_Exercise brief_
The answer must be an exact copy of every entry, with no pictures in it.

_Record set_
___
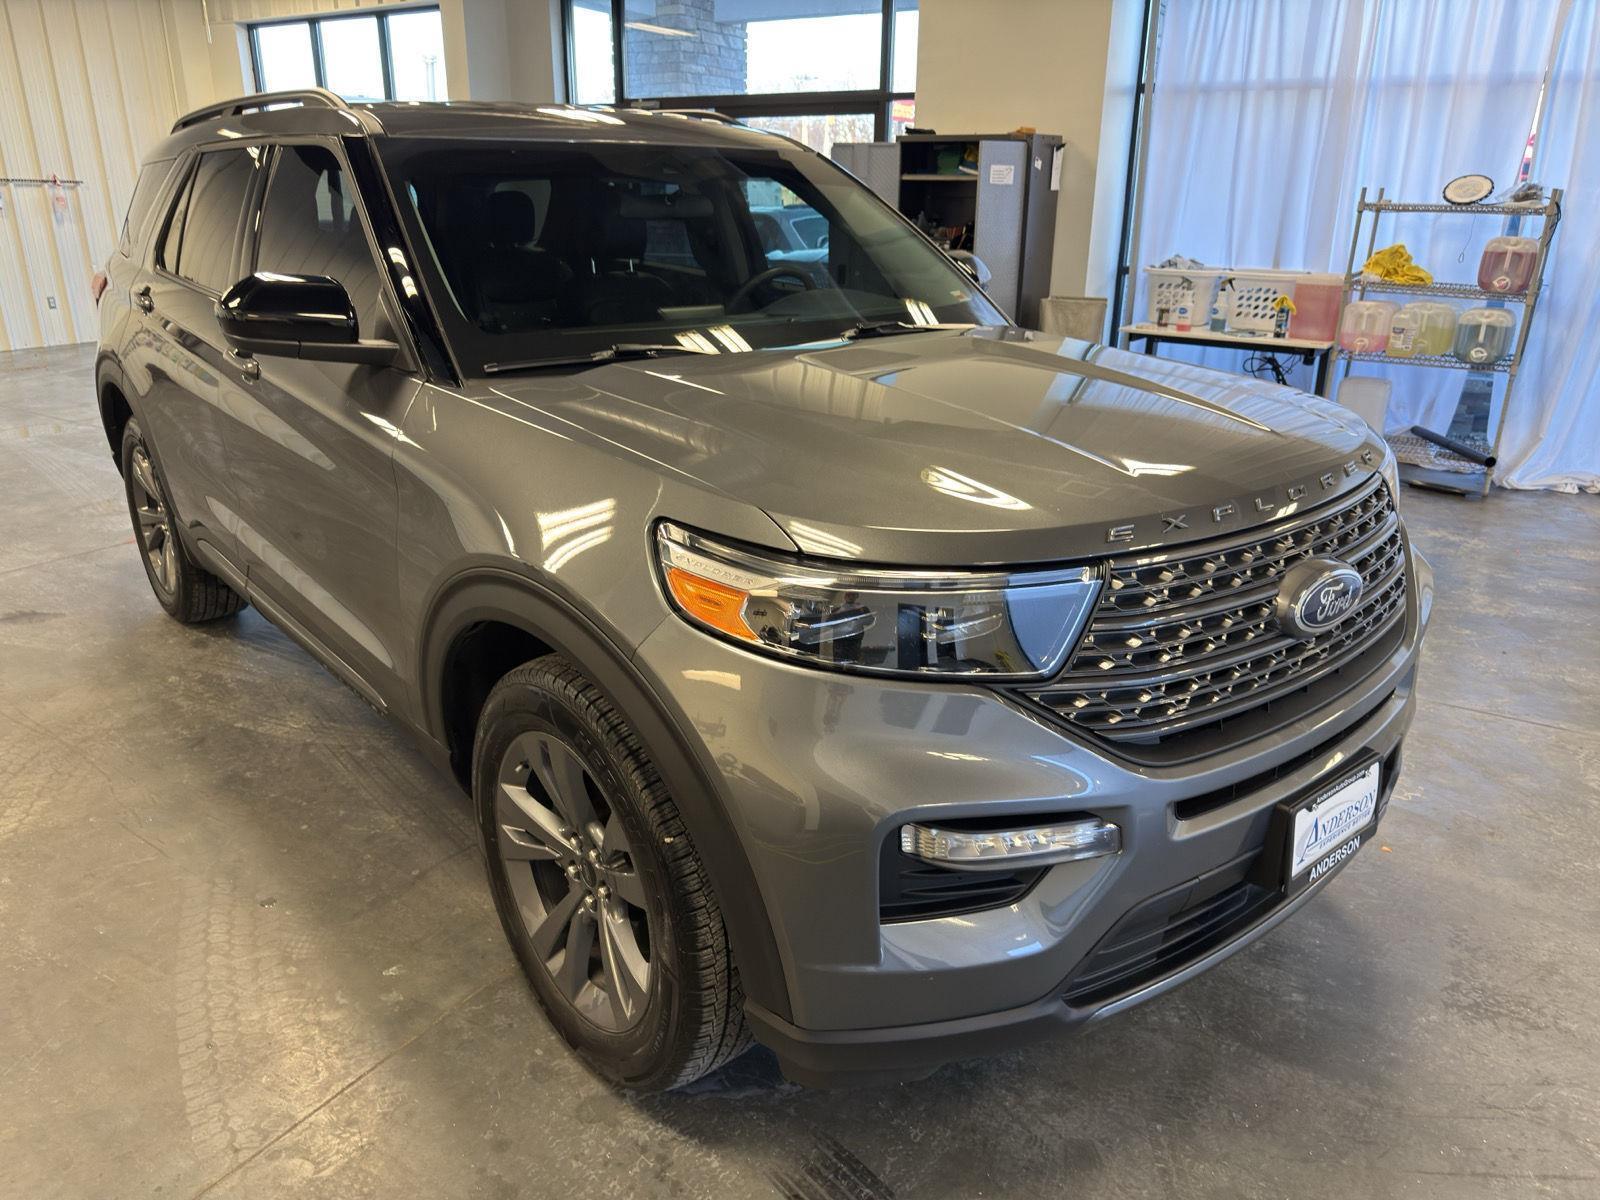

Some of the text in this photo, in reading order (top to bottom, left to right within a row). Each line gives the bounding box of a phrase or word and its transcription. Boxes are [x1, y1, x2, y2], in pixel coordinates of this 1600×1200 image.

[1107, 449, 1373, 543] EXPLORER
[1316, 582, 1354, 621] Ford
[1309, 835, 1361, 882] ANDERSON
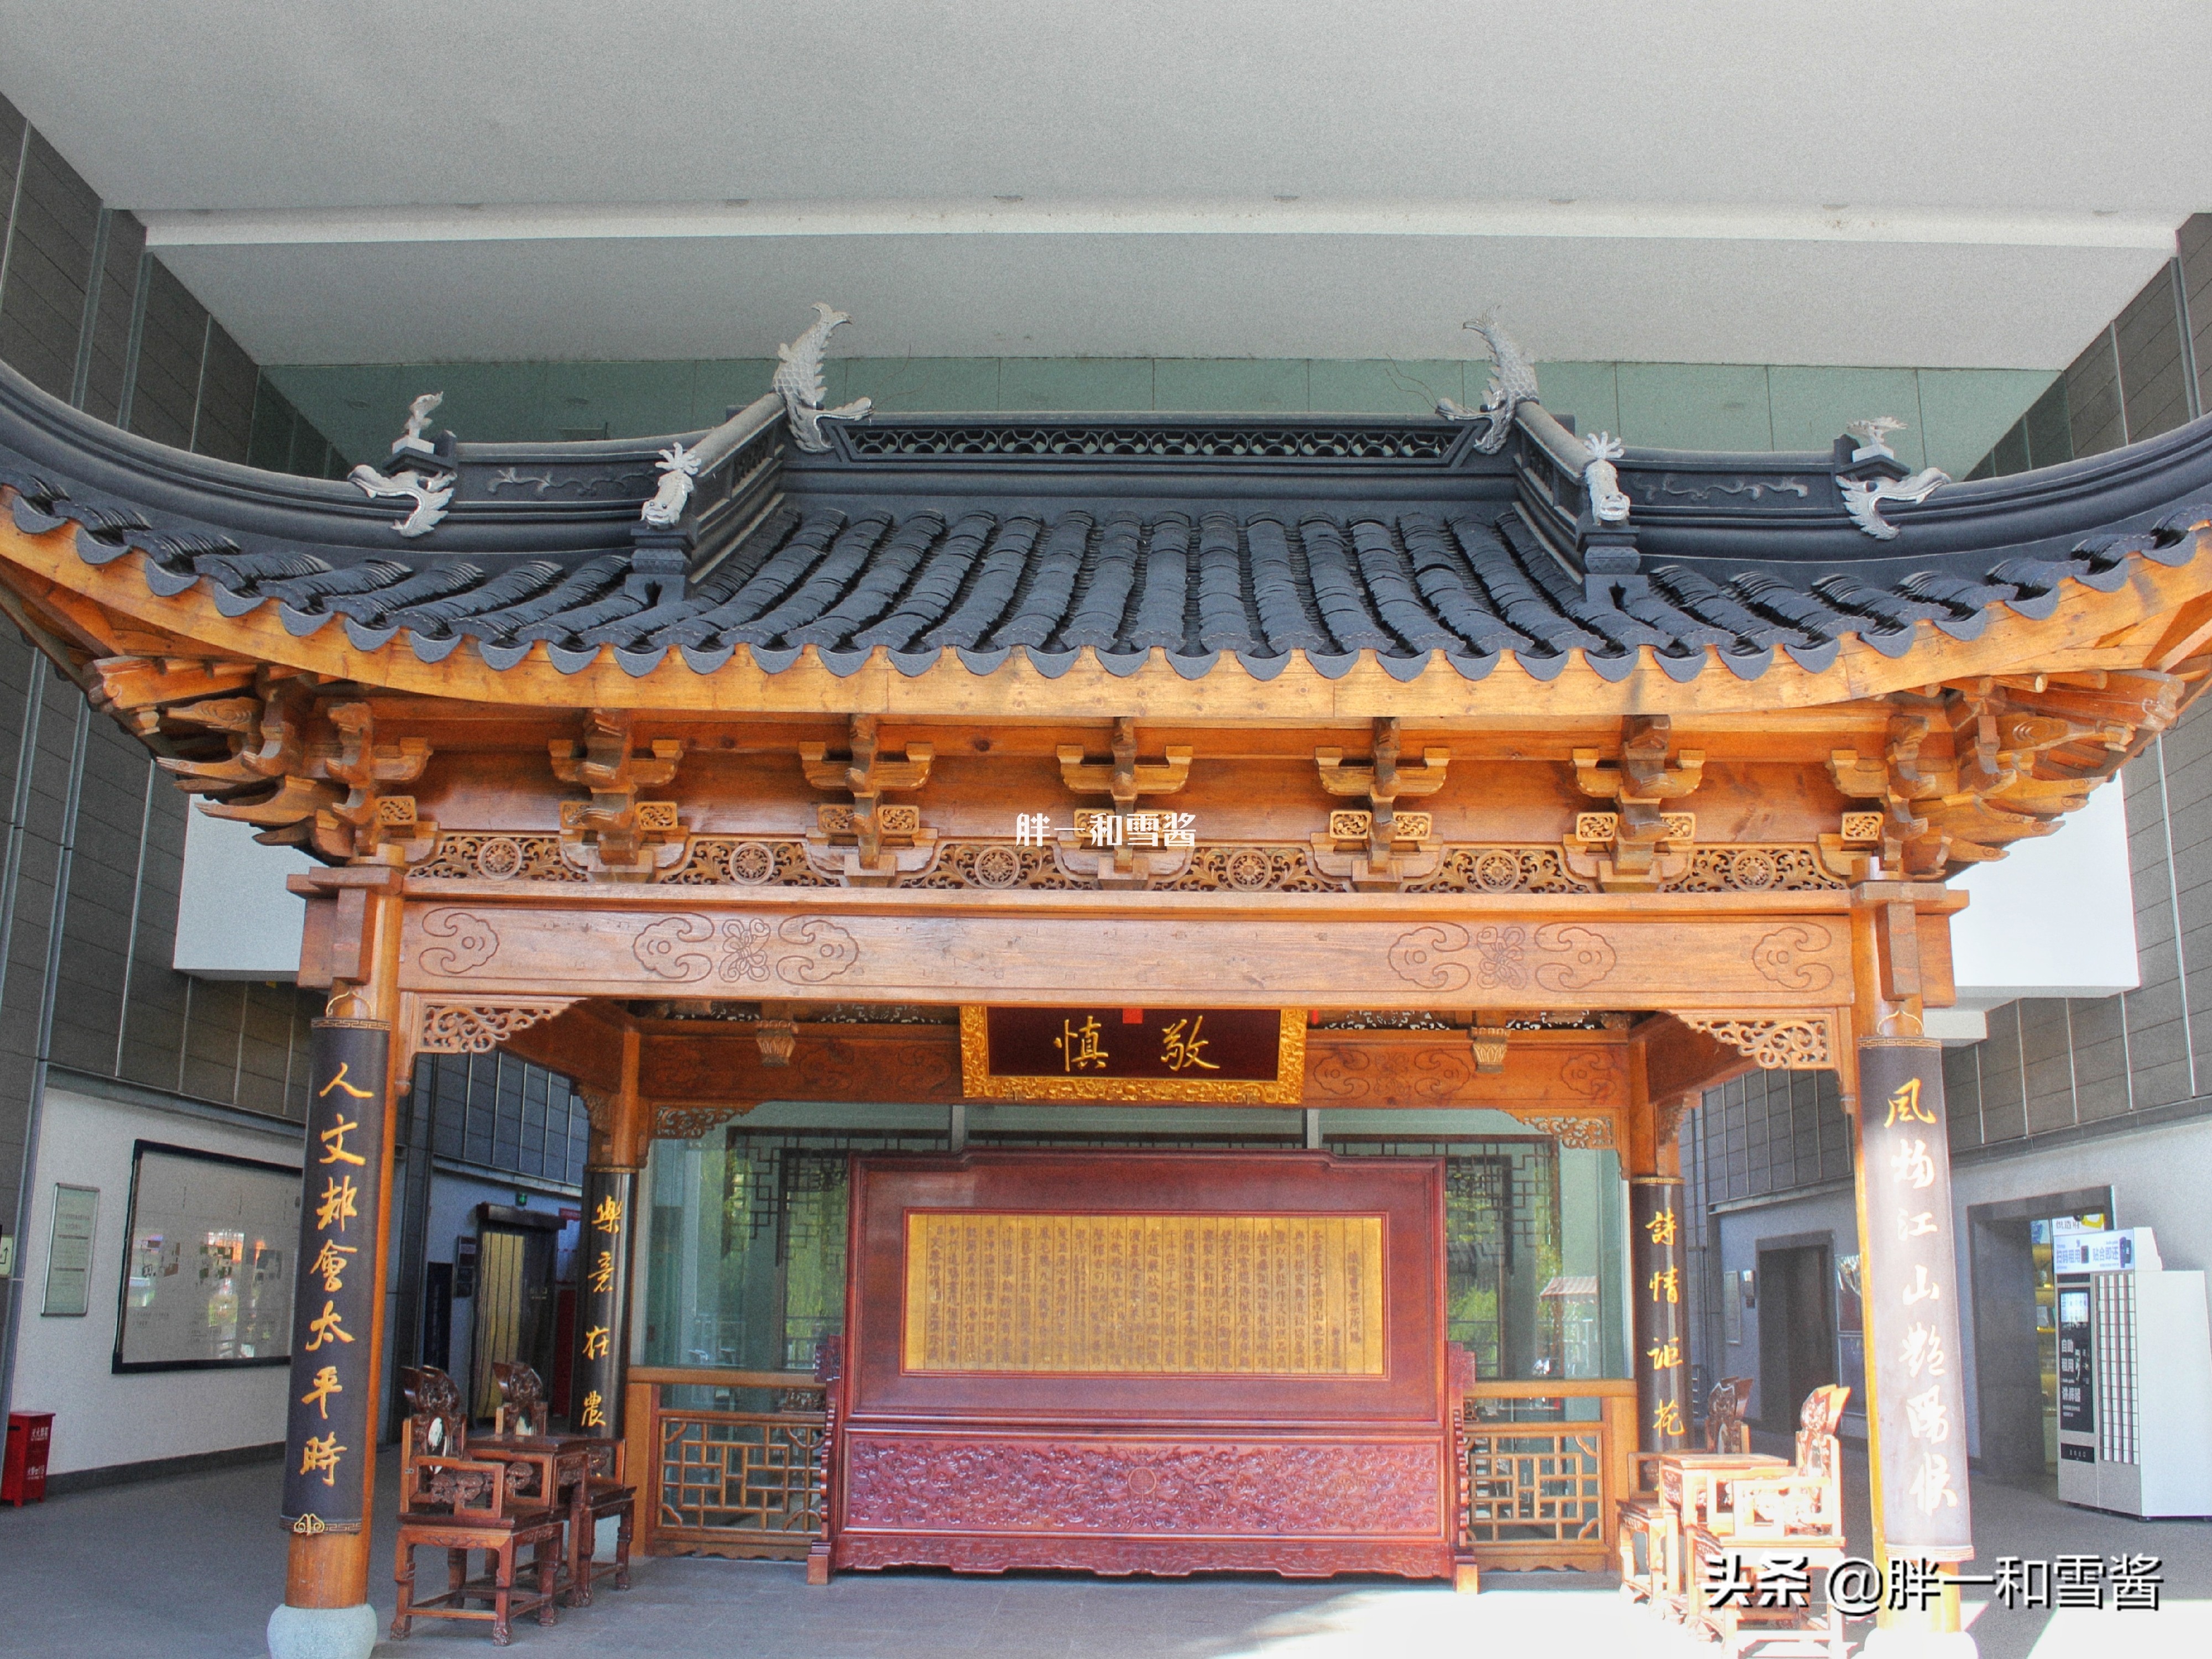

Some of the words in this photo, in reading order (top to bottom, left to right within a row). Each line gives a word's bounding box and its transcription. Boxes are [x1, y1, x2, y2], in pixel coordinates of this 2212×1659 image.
___
_Solved exercise_
Some of the text in this photo, in reading order (top to bottom, left to right within a row). Each line gives the bounding box of a phrase or word and its transcription. Boxes are [x1, y1, x2, y2], in pixel coordinates of this 1600×1200 image.

[1107, 449, 1373, 543] EXPLORER
[1316, 582, 1354, 621] Ford
[1309, 835, 1361, 882] ANDERSON

Some of the words in this photo, in reading order (top to bottom, left to right within a row). Each line gives a word's bounding box and its transcription. Boxes are [x1, y1, x2, y2], in pixel coordinates of this 2212×1659 image.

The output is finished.